Notice that there are now two different content types defined. When the client first contacts the service, it will send a content type and the service must approve this content type. We can use this to prevent people from mixing compression algorithms. If you were to use GZip on the service and Deflate on the client, you will get a ProtocolException with the following message:

Content Type application/x-deflate was not supported by service net.tcp://localhost:9009/samples/CompressionEncoder. The client and service bindings may be mismatched.

This is a much better error message than what you would get otherwise. Not using content type would give the client an exception indicating a closed channel or something else equally vague.

The static methods that compress and decompress buffered messages are the next target.

 static ArraySegment<byte> CompressBuffer(ArraySegment<byte> buffer, BufferManager bufferManager, 
    int messageOffset, CompressionAlgorithm compressionAlgorithm)
{
    MemoryStream memoryStream = new MemoryStream();
    
    using (Stream compressedStream = compressionAlgorithm == CompressionAlgorithm.GZip ? 
        (Stream)new GZipStream(memoryStream, CompressionMode.Compress, true) :
        (Stream)new DeflateStream(memoryStream, CompressionMode.Compress, true))
    {
        compressedStream.Write(buffer.Array, buffer.Offset, buffer.Count);
    }
    ...
}

static ArraySegment<byte> DecompressBuffer(ArraySegment<byte> buffer, BufferManager bufferManager, 
    CompressionAlgorithm compressionAlgorithm)
{
    MemoryStream memoryStream = new MemoryStream(buffer.Array, buffer.Offset, buffer.Count);
    MemoryStream decompressedStream = new MemoryStream();
    int totalRead = 0;
    int blockSize = 1024;
    byte[] tempBuffer = bufferManager.TakeBuffer(blockSize);
    using (Stream compressedStream = compressionAlgorithm == CompressionAlgorithm.GZip ?
        (Stream)new GZipStream(memoryStream, CompressionMode.Decompress) :
        (Stream)new DeflateStream(memoryStream, CompressionMode.Decompress))
    {
        while (true)
        {
            int bytesRead = compressedStream.Read(tempBuffer, 0, blockSize);

Here I'm using the ternary operator a lot just to make things short and sweet. Notice that the GZipStream and DeflateStream have to be explicitly cast as Stream in order for the ternary operator to work.
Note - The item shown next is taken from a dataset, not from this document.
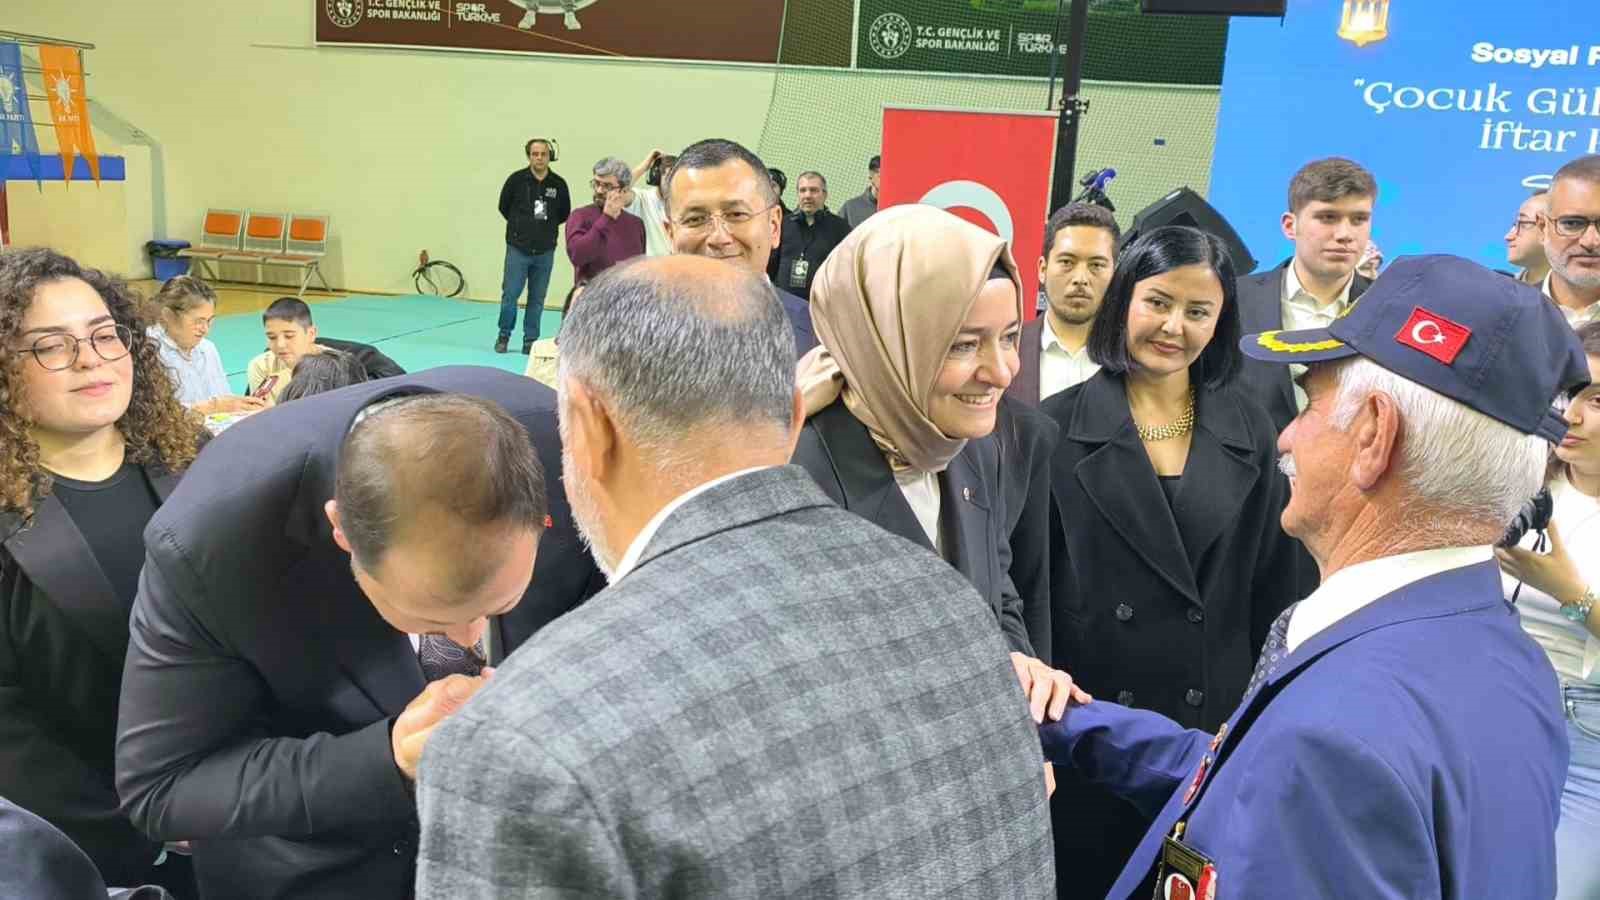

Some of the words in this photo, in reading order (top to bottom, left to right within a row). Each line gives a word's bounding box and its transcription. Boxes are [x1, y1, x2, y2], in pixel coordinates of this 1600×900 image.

The next bits to edit are the ReadMessage and WriteMessage methods. These should be self-explanatory. They'll need the CompressionAlgorithm passed in to the buffered message overloads. The overloads that use Stream objects could get that same ternary operator treatment as used in the static methods above.

At this point, there is only one thing left to do and that is to enable the CompressionAlgorithm switch in the WCF configuration. This is done in the BindingElementExtensionElement implementation. Find the MyCompressionMessageEncodingElement class. Add the property and edit the ApplyConfiguration method as shown below.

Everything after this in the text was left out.